PostPosted: Sat Feb 16, 2019 11:04    Post subject: Reply with quote

When I was much younger I worked on Avengers with the R2600, we would ground run these prior to the spray/waterbomber season to full power, 2600rpm and 49in MP. To do this the aircraft was tied to a very large concrete slab with more tie down stuff buried beneath. If the runup area was not clean the prop would pick up anything nearby including stones as big as a golf ball. My point here is these engines at full power,while amazing, are huge dangerous beasts, my 2600 in a 4 minute run averages 2gallons of avgas. Doing some comparison to other engines I think I'm making about 450 - 500 HP which is 1/4 of the full power rating. Anyone who says they run these on a trailer at full power just does not understand how it works, they can easily get full rpm but full power is another story.
All engine/prop combinations I'm familiar with are designed to allow the prop to control rpm within limits set by the governor with blade angle being the only way to do it. Once you shorten the blades the equation changes and overspeed is a real possibility. If you do use blades in the 6ft range that will still be about 12.5 ft in diameter and probably not too much less than original but will also be very dangerous for a ground display. People just want to see and hear it run they don't care if it's making 2000hp knowing it can seems to be what counts.

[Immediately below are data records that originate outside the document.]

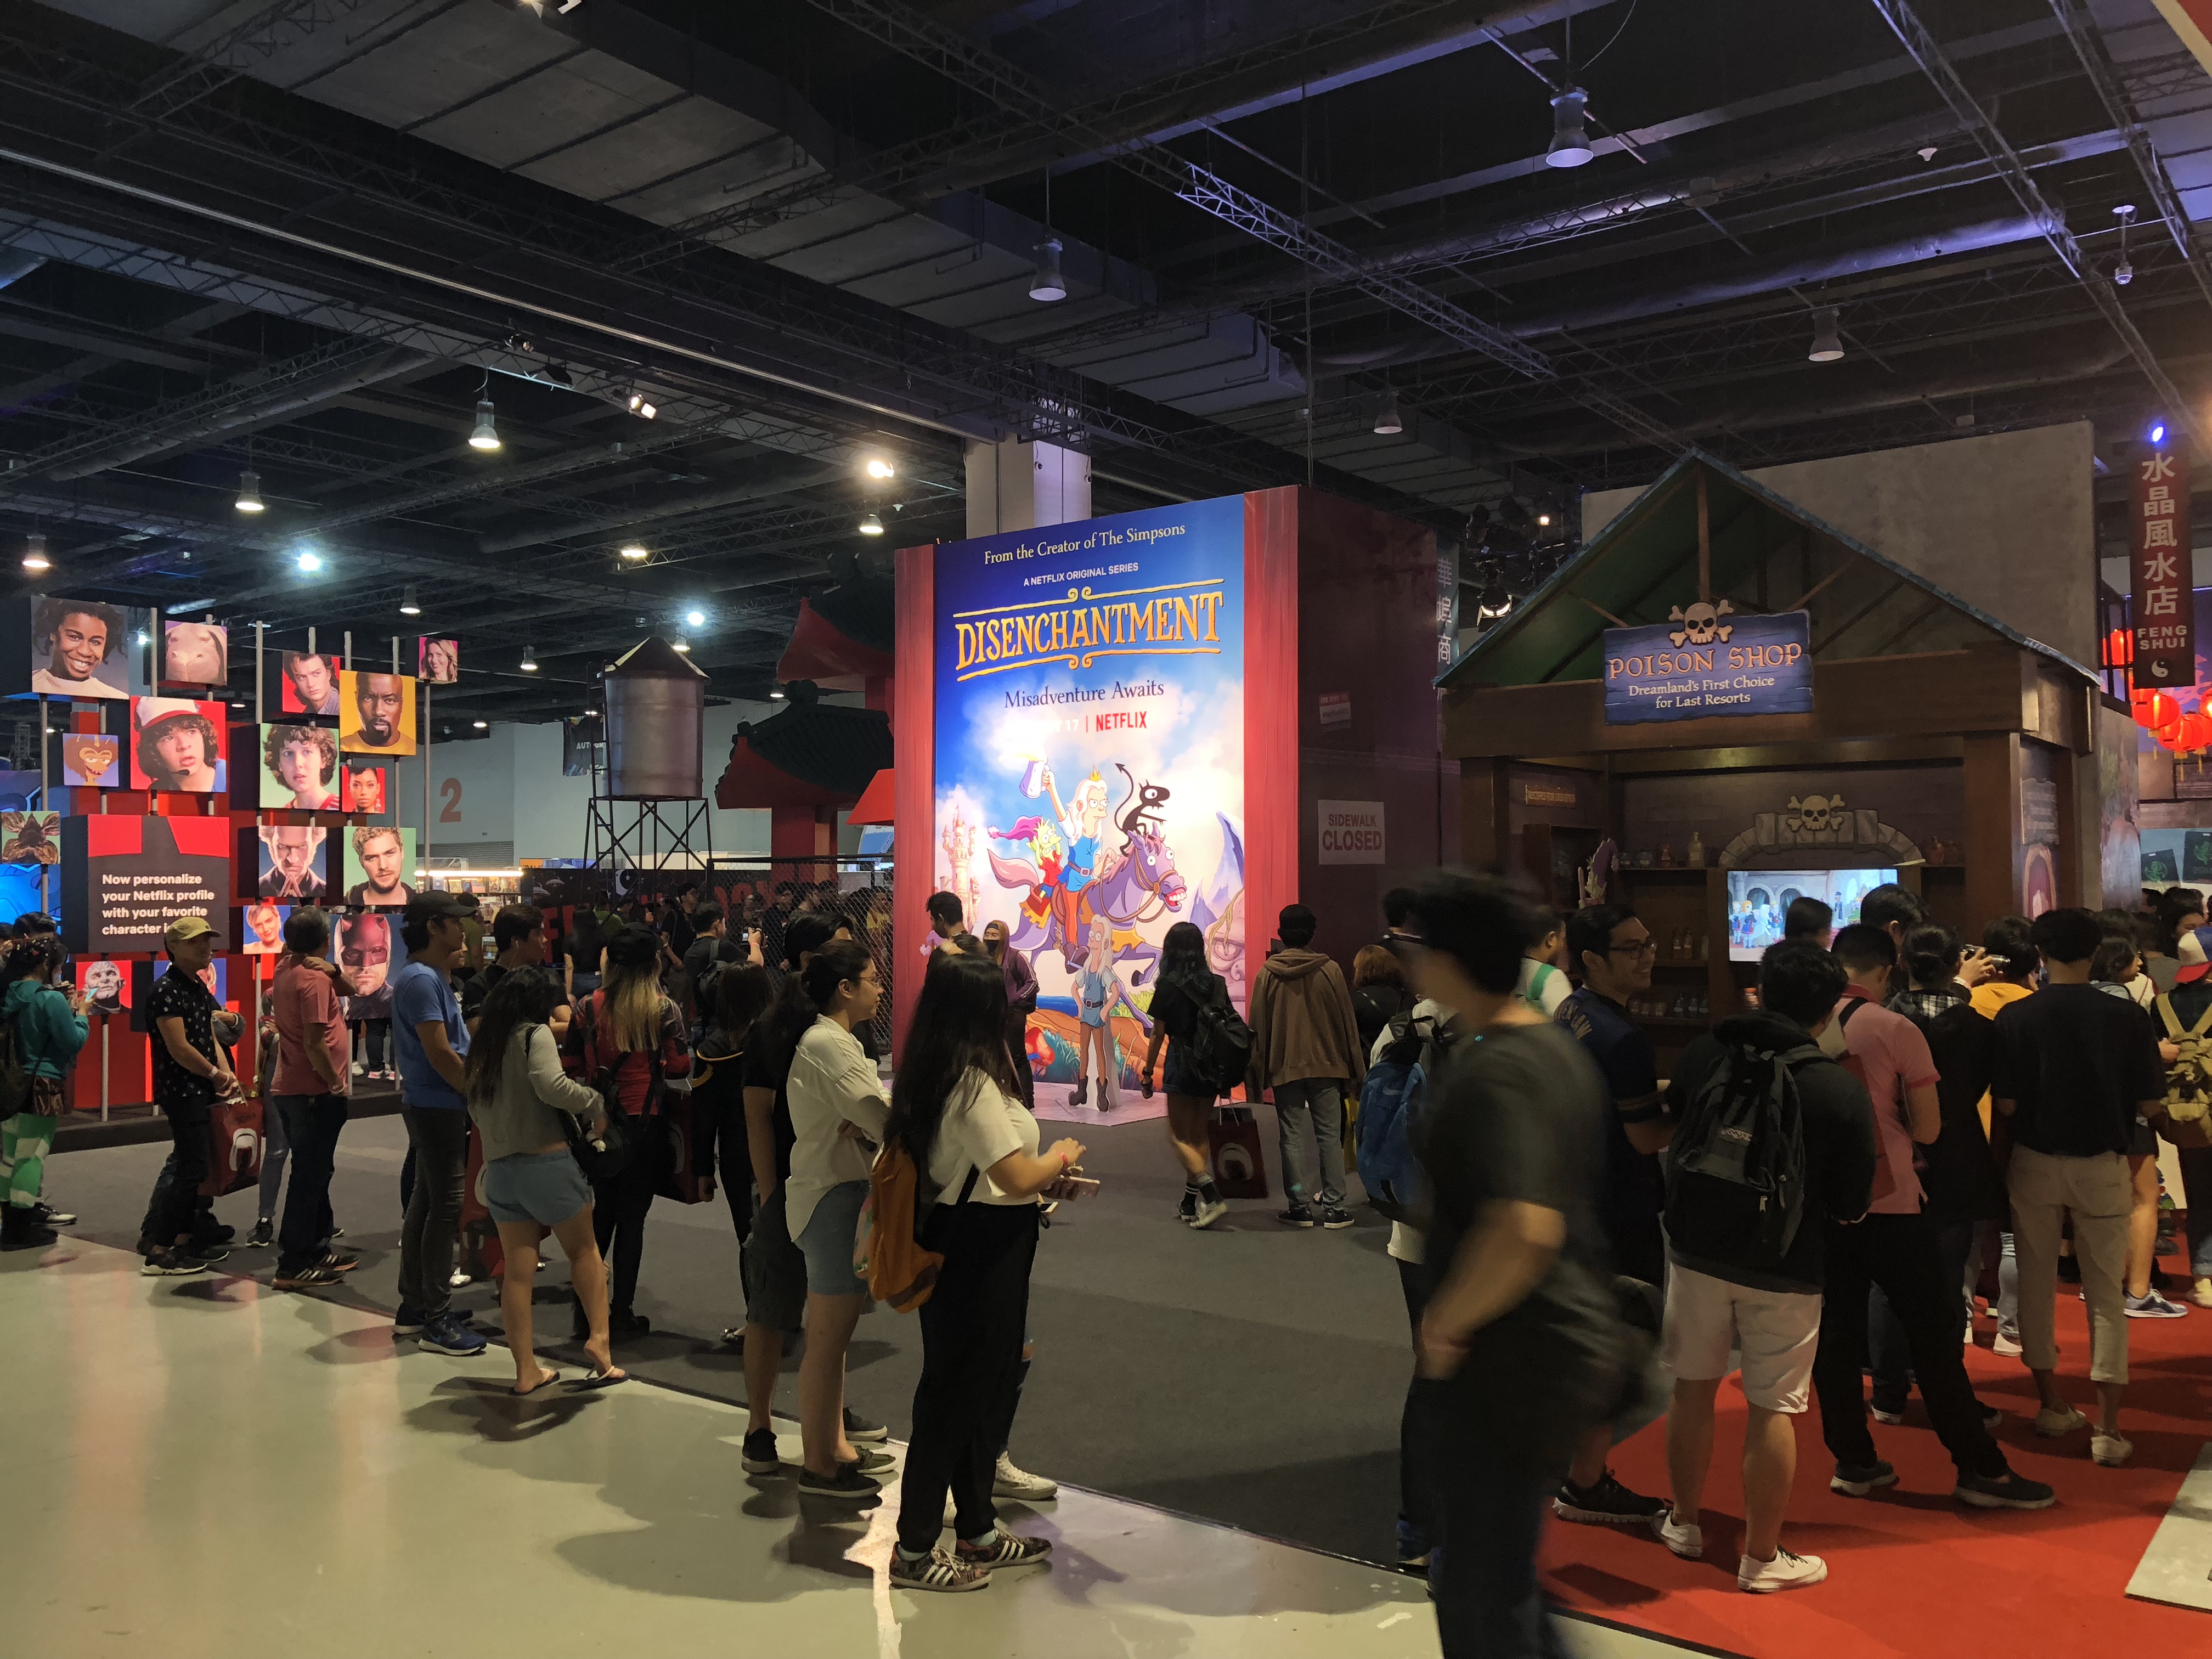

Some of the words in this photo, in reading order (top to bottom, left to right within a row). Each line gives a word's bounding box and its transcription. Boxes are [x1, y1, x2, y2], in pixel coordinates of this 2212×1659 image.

[2141, 452, 2178, 616] 水晶風水店
[984, 551, 1013, 565] From
[1017, 544, 1034, 560] the
[1037, 541, 1081, 557] Creator
[1084, 532, 1097, 549] of
[1099, 529, 1123, 547] The
[1126, 525, 1186, 544] Simpsons
[1023, 578, 1030, 587] A
[1031, 573, 1065, 585] NETFLIX
[1066, 567, 1107, 581] ORIGINAL
[1108, 562, 1139, 574] SERIES
[955, 591, 1224, 671] DISENCHANTMENT
[1436, 556, 1452, 701] 華埠商
[2137, 625, 2187, 639] FENG
[2140, 637, 2186, 651] SHUI
[1608, 649, 1715, 680] POISON
[1729, 642, 1802, 670] SHOP
[1004, 685, 1106, 708] Misadventure
[1111, 679, 1164, 699] Awaits
[1629, 679, 1699, 697] Dreamland's
[1702, 678, 1730, 692] First
[1733, 674, 1775, 689] Choice
[1655, 696, 1673, 709] for
[1675, 695, 1701, 707] Last
[1705, 692, 1751, 705] Resorts
[1065, 719, 1079, 731] 17
[1096, 711, 1147, 732] NETFLIX
[439, 777, 462, 823] 2
[1328, 814, 1377, 827] SIDEWALK
[1322, 830, 1383, 851] CLOSED
[102, 874, 131, 885] Now
[133, 873, 202, 887] personalize
[101, 892, 131, 904] your
[133, 889, 174, 901] Netflix
[176, 889, 215, 903] profile
[101, 907, 129, 918] with
[132, 908, 160, 921] your
[161, 906, 208, 917] favorite
[101, 923, 161, 935] character
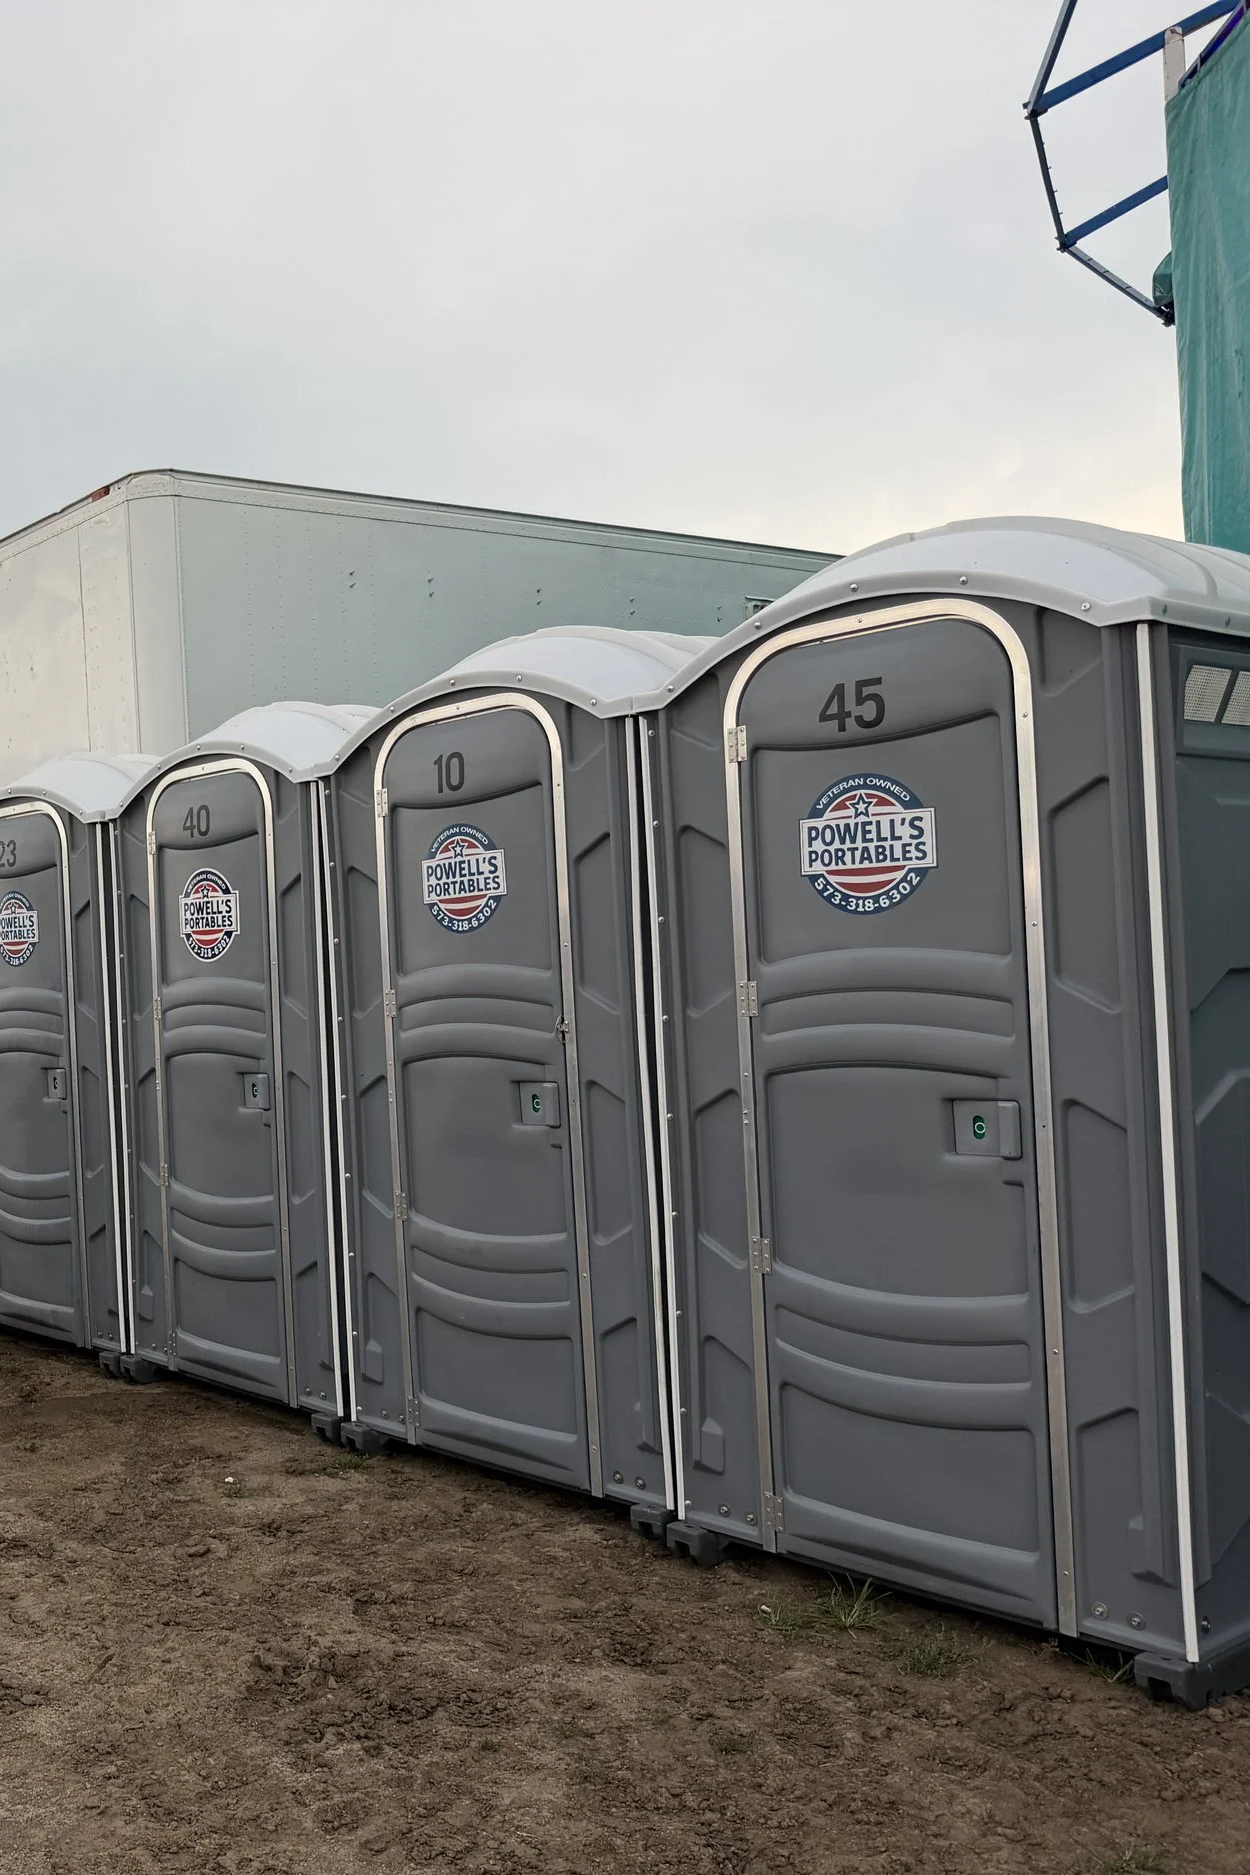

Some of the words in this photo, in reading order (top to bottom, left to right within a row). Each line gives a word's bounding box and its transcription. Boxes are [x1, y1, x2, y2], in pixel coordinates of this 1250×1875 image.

[818, 676, 886, 733] 45
[433, 751, 465, 794] 10
[816, 777, 864, 810] VETERAN
[867, 777, 910, 802] OWNED
[182, 804, 211, 838] 40
[807, 815, 925, 848] POWELL'S
[431, 827, 460, 852] VETERAN
[461, 826, 489, 845] OWNED
[808, 842, 927, 869] PORTABLES
[187, 873, 207, 893] VETERAN
[207, 873, 226, 890] OWNED
[426, 856, 499, 883] POWELL'S
[427, 875, 501, 898] PORTABLES
[814, 871, 921, 912] 573-318-6302
[184, 899, 232, 917] POWELL'S
[431, 899, 497, 931] 573-318-6302
[184, 915, 233, 930] PORTABLES
[188, 935, 230, 958] 573-318-6302
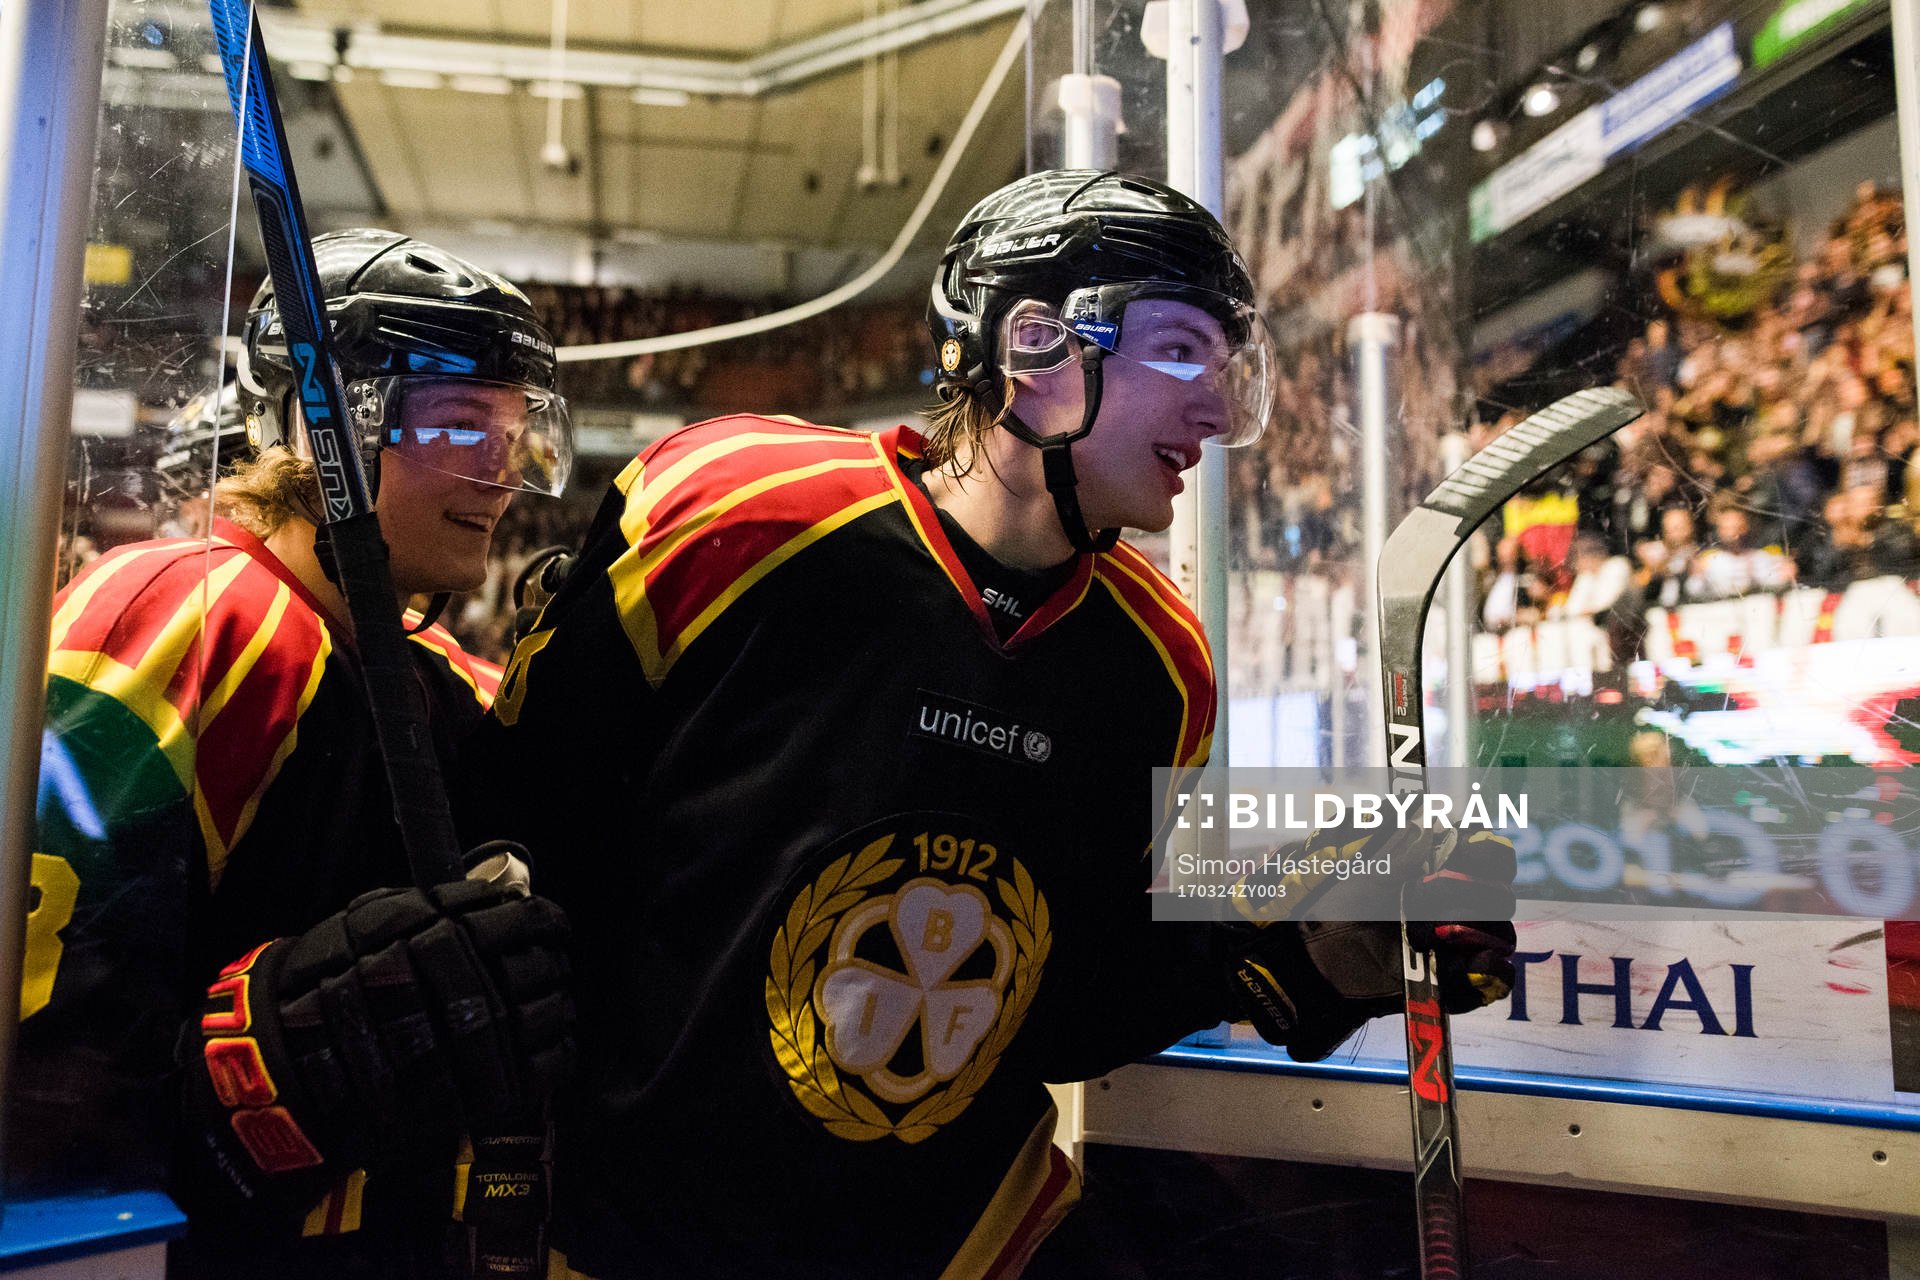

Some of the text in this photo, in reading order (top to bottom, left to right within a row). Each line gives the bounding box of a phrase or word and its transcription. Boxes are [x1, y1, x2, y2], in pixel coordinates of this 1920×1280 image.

[981, 233, 1061, 257] BAUER
[511, 331, 554, 358] BAUER
[1075, 323, 1114, 334] BAUER
[981, 587, 1022, 618] SHL
[919, 706, 1020, 754] unicef
[913, 831, 997, 882] 1912
[922, 908, 955, 953] B
[1238, 968, 1290, 1031] BAUER
[1507, 949, 1759, 1039] THAI
[943, 1004, 974, 1045] F
[484, 1183, 531, 1198] MX3

Sorry for the rambling's on but I feel safety should be first on the list for showing these engines as the masterpieces they are. My 2600 is always a hit at any show I've attended
Your engine is a bit bigger but if you would like any info on my setup I have all the trailer drawings and info I can share.
Jerry
Re the prop tools, I do have a few but your stuff will be a larger size and doubt anything I have will fit. 50 vrs 60 spline.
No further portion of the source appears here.